═════ Material provided

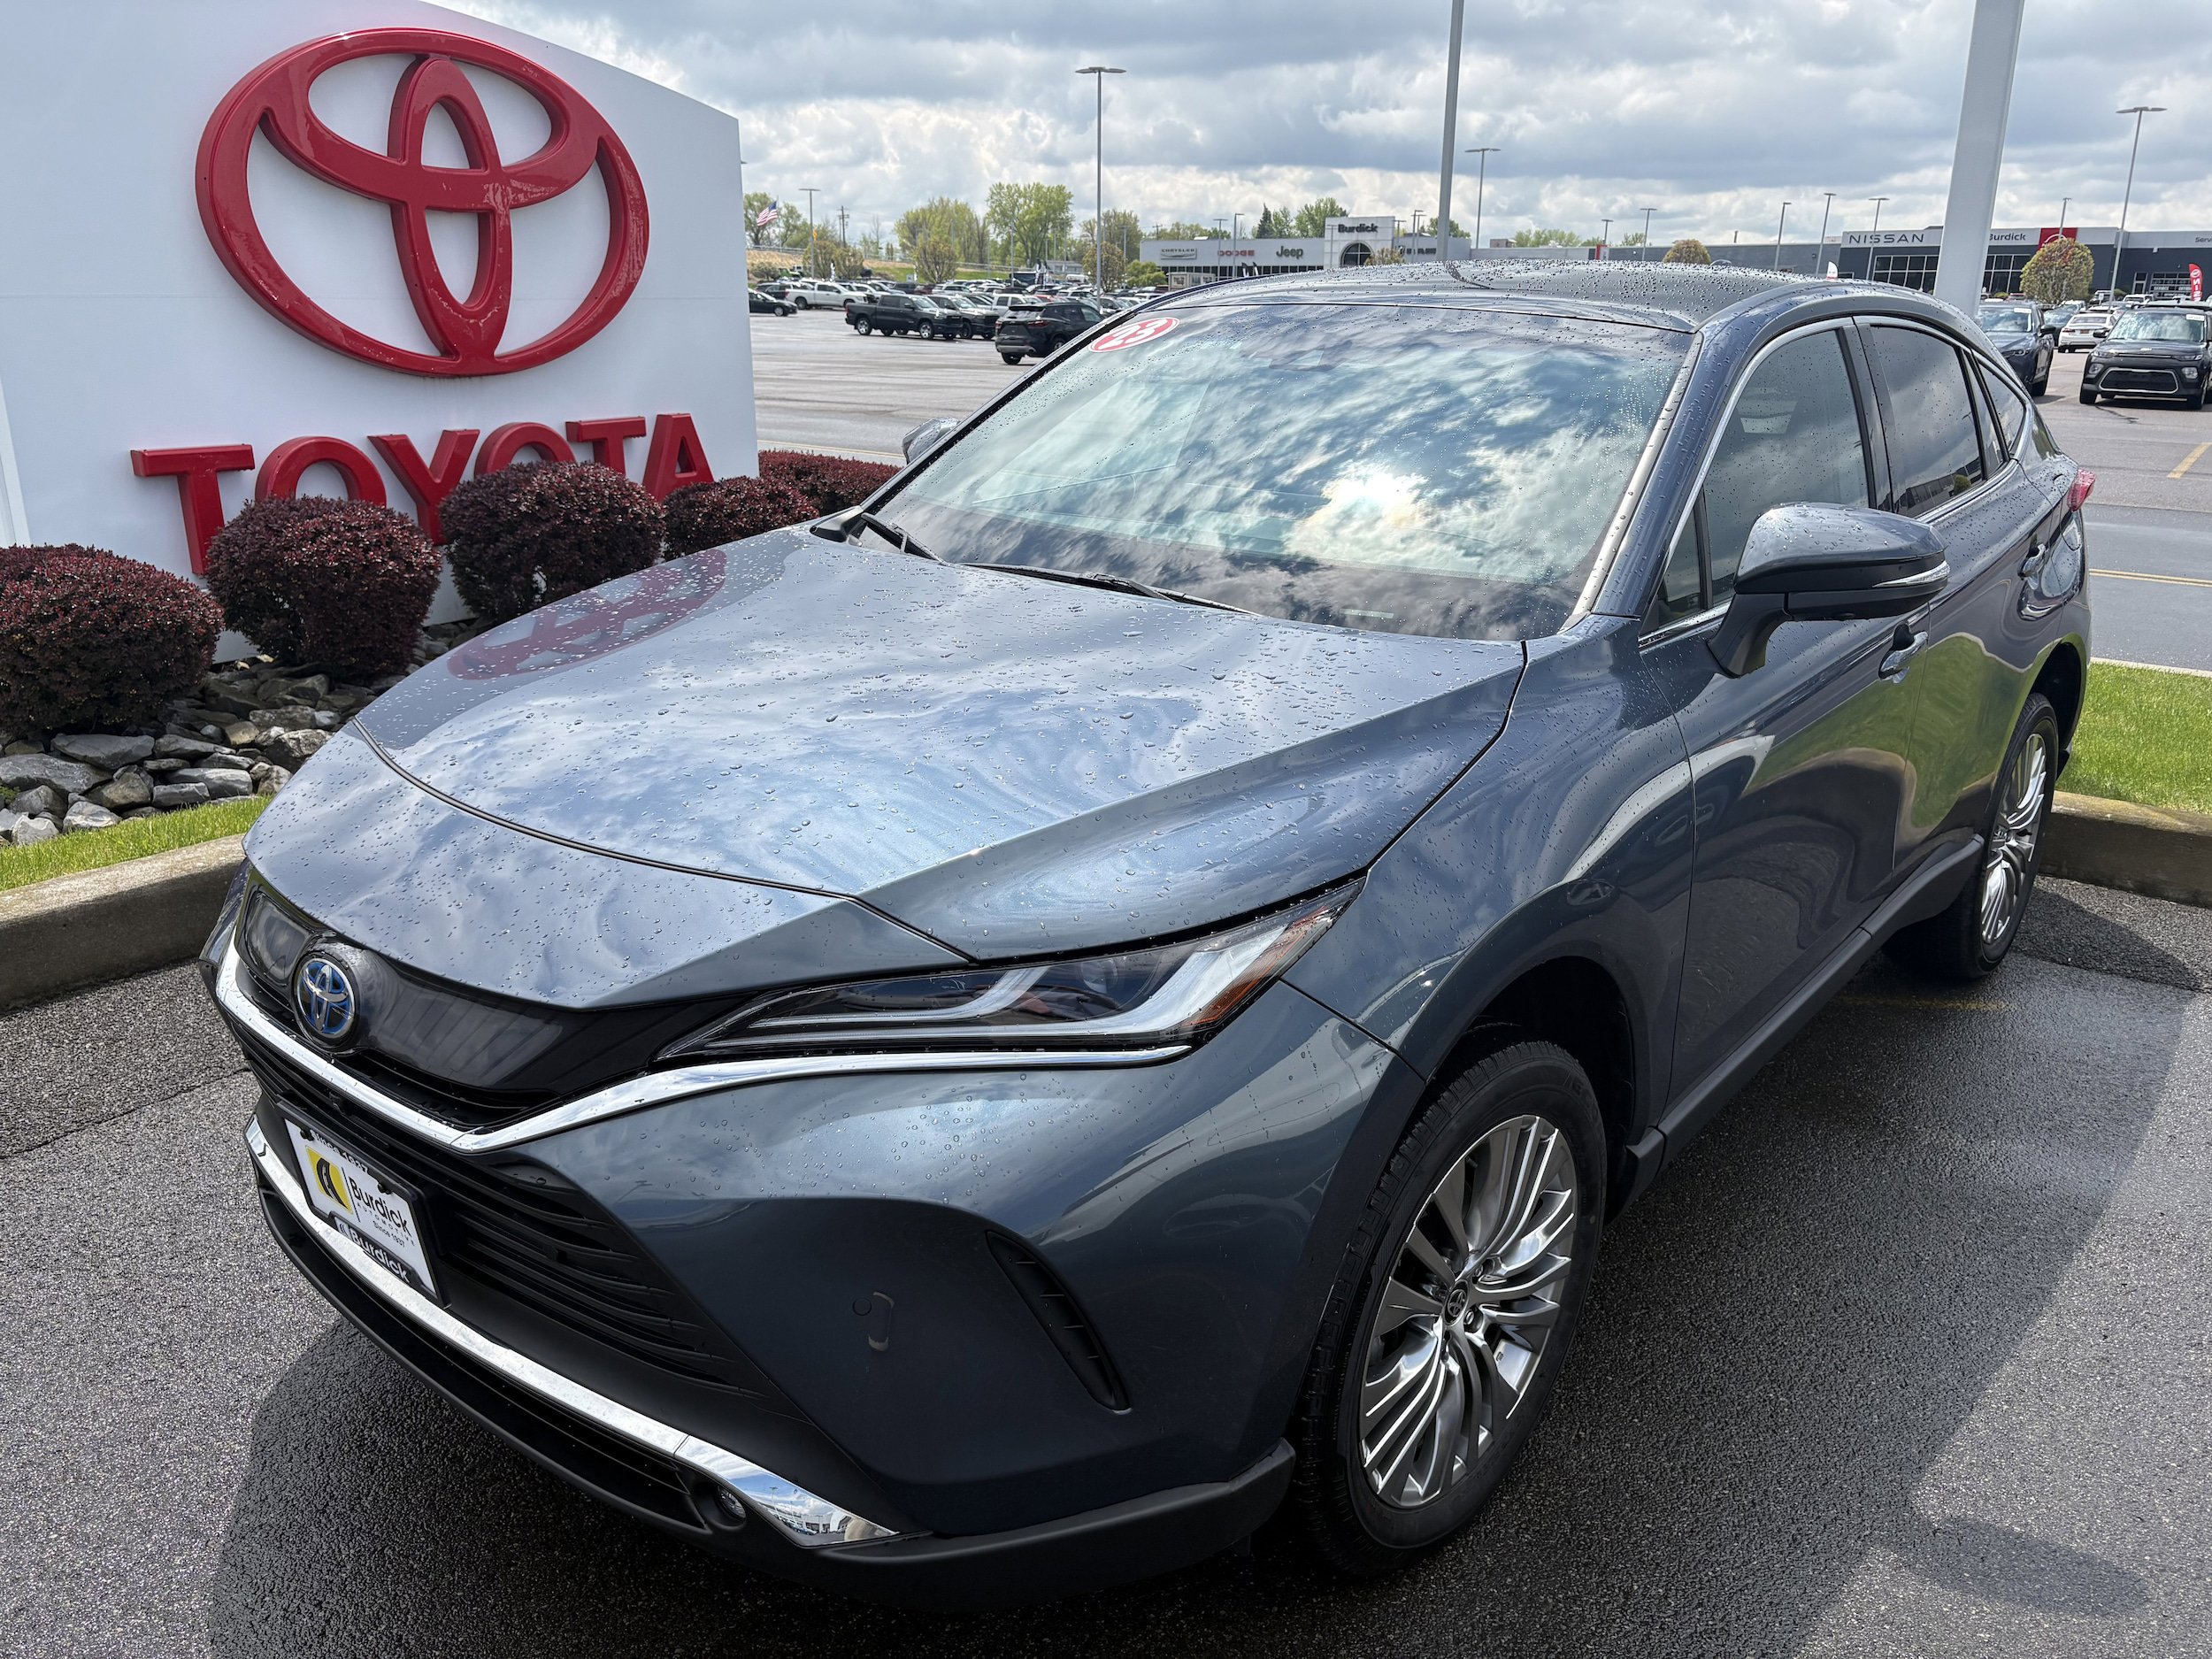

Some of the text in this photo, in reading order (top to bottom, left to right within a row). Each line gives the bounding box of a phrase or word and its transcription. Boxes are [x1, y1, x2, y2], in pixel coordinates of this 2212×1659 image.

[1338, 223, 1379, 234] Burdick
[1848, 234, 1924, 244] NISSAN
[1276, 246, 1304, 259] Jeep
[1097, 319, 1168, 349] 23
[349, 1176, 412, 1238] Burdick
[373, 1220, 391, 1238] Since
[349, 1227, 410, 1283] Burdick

══════════

Activity
Leave out the pictures, and give all the records again exactly.

Solution
Some of the text in this photo, in reading order (top to bottom, left to right within a row). Each line gives the bounding box of a phrase or word and its transcription. Boxes are [x1, y1, x2, y2], in pixel coordinates of this 2212×1659 image.

[1338, 223, 1379, 234] Burdick
[1848, 234, 1924, 244] NISSAN
[1276, 246, 1304, 259] Jeep
[1097, 319, 1168, 349] 23
[349, 1176, 412, 1238] Burdick
[373, 1220, 391, 1238] Since
[349, 1227, 410, 1283] Burdick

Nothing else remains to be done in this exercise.